Она шла, всеобщая Прекрасная Дама, милый кумир безвоздушного пространства одной из наших душных эпох. Ее ножки в трико, ее сыгравший в “замри!” души исполненный полет подстерегали поклонников и поклонниц, балетоманов и балетоманок на блестящих черно-белых открытках Союзпечати.


Чем-то эта очаровательная женщина с патологической походкой балетной гейши была сродни статуям на крыше, множеству статуй, освоивших аллеи парков культуры и отдыха уездных и столичных городов нашей необъятной страны. Статуи были театральны, напоминали статистов фильмов про несуществующую идеальную, вымечтанную неудачниками-вождями и холуями-кинорежиссерами жизнь.


Наталья Дудинская, которой дали квартиру запытанного или расстрелянного Николая Вавилова, позвонила его вдове и сказала:


— Мне так неудобно, здесь стоит ваша мебель, здесь книги Николая Ивановича, приезжайте, заберите.


Телефоны прослушивались, балерина рисковала.


— Ничего, ничего, — отвечала вдова, — Николай Иванович был большой ваш поклонник, пусть мебель стоит и книги тоже, ему было бы даже приятно.


У Балерины из “Излишества” мерцала в руках ветка сирени, ее пытался запорошить снег, но не успел: массивные двери, обрамленные слонопотамскими ассиро-вавилонскими колоннами, закрылись за всеобщей нашей Одеттой, она же Одиллия и проч.


И плохи были в ту ночь сны мои, да и перемежающие их часы бессонницы никуда не годились.


Я ходила на кухню, босиком, неслышно, чтобы не разбудить своих, пила воду, смотрела в форточку на зимние звезды и заснеженные дали меридианной околицы, из форточки тянуло гарью, вокзальным запахом раннего детства, забвенным паровозным дымом: горело ли что? или ветер из прошлого приносил заплутавший станционный воздух?


Наконец в четвертом часу мне удалось провалиться в страну бедекера-сонника, где уже спал в мастерской, коей служила келья одного из расстриженных московских монастырей, скульптор-альпинист в окружении белых гипсовых фигур, — маленький, поджавший ноги на неказистом топчане, уснувший не раздеваясь великий восходитель молодой Страны Советов по прозвищу Бурундучок (в детстве, круглолицего, сибирские друзья-мальчишки, спутники по лазанию на Столбы, звали его Луной).
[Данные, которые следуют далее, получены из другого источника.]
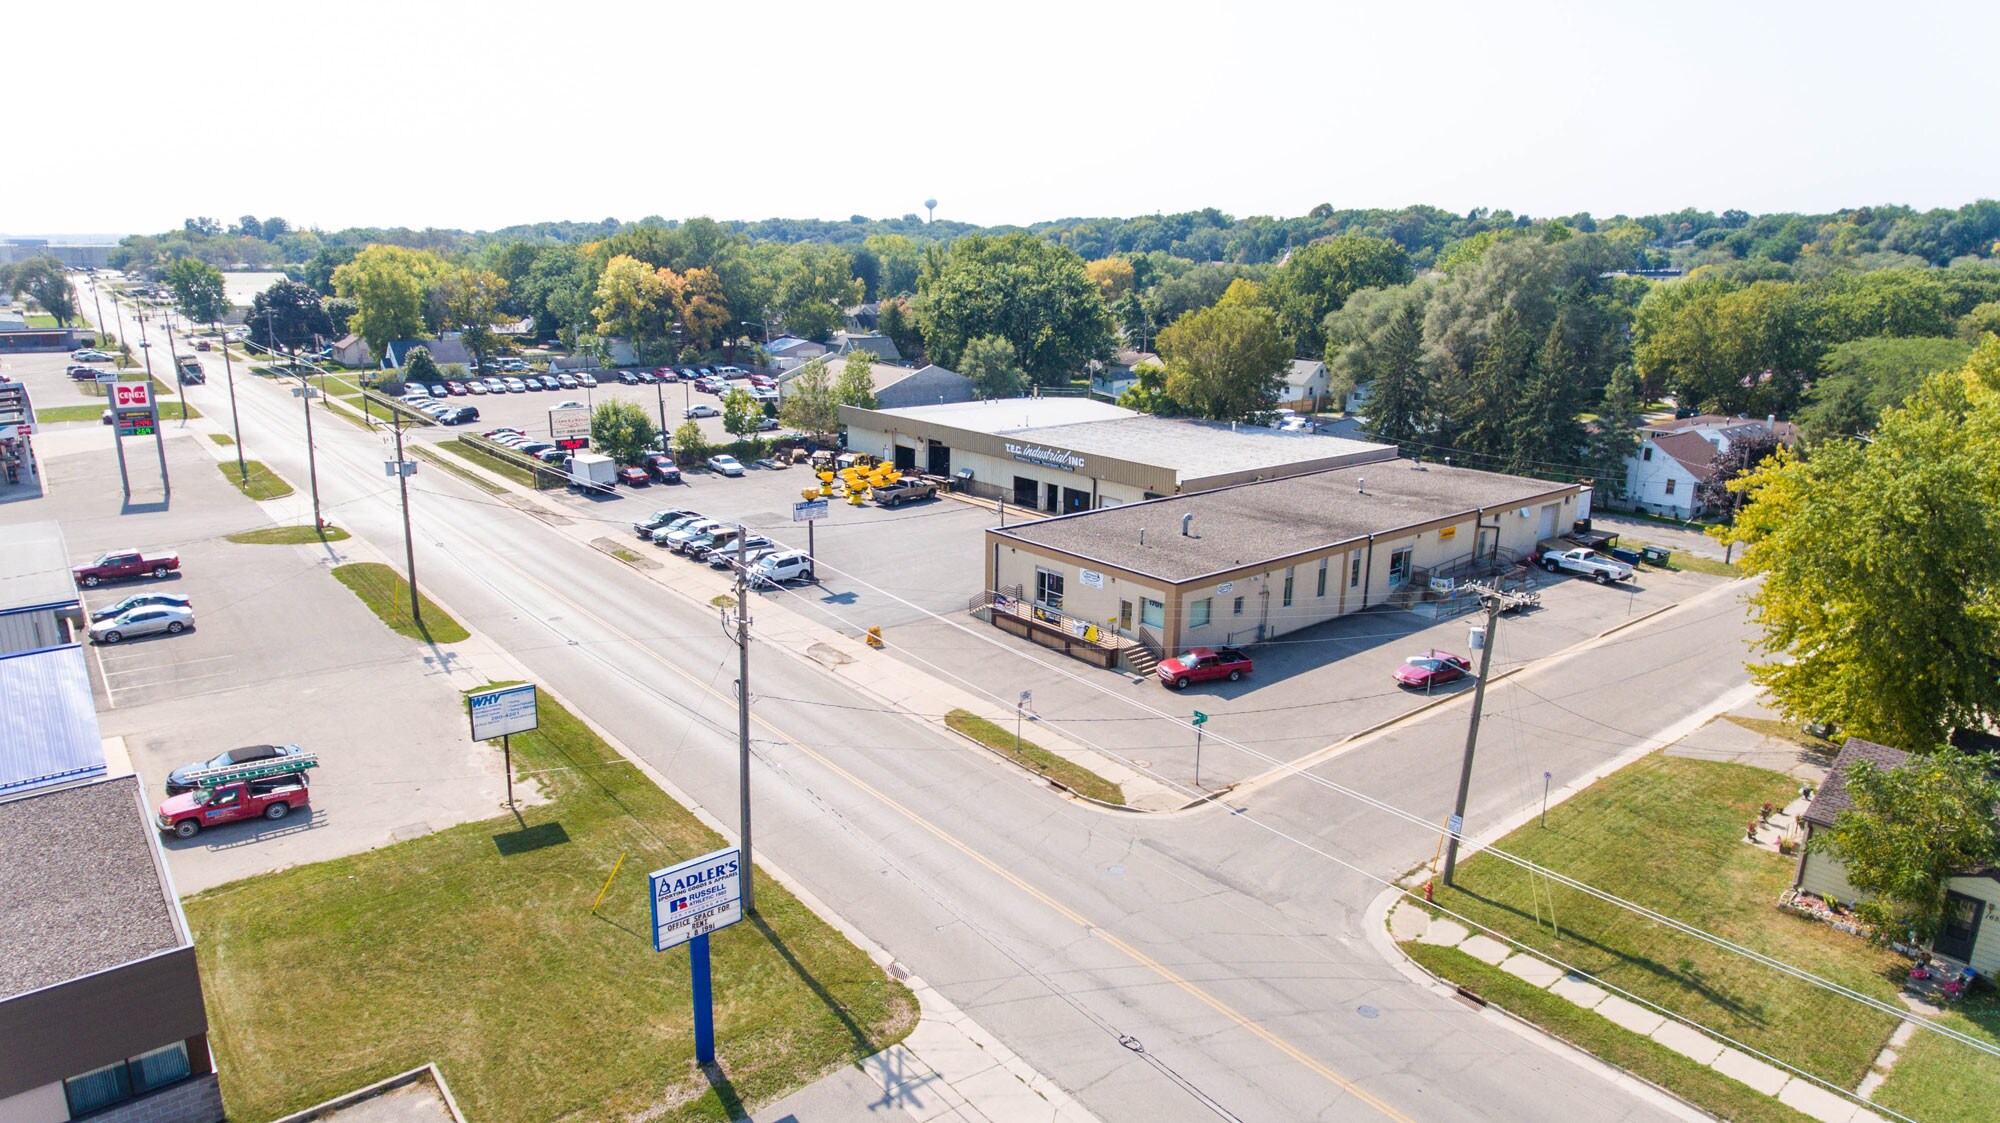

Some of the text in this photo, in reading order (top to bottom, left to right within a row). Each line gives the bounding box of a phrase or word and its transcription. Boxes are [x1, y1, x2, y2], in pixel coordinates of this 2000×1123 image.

Снился ему дед, качавший головою и повторявший: “Ну, ты беглец”. Снилась матушка, которой жизни стоило его появление на свет, вот та молчала, смотрела нежно, беззвучно, голоса ее он не знал, а фото видел, прекрасную фотографию предыдущей эпохи.


Мы глядели, как он спит, стоя с Косоуровым перед большим застекленным окном, как наблюдатели за допросами в кино, и эта келейка со статуями и спящим напоминала инсталляцию Этнографического музея.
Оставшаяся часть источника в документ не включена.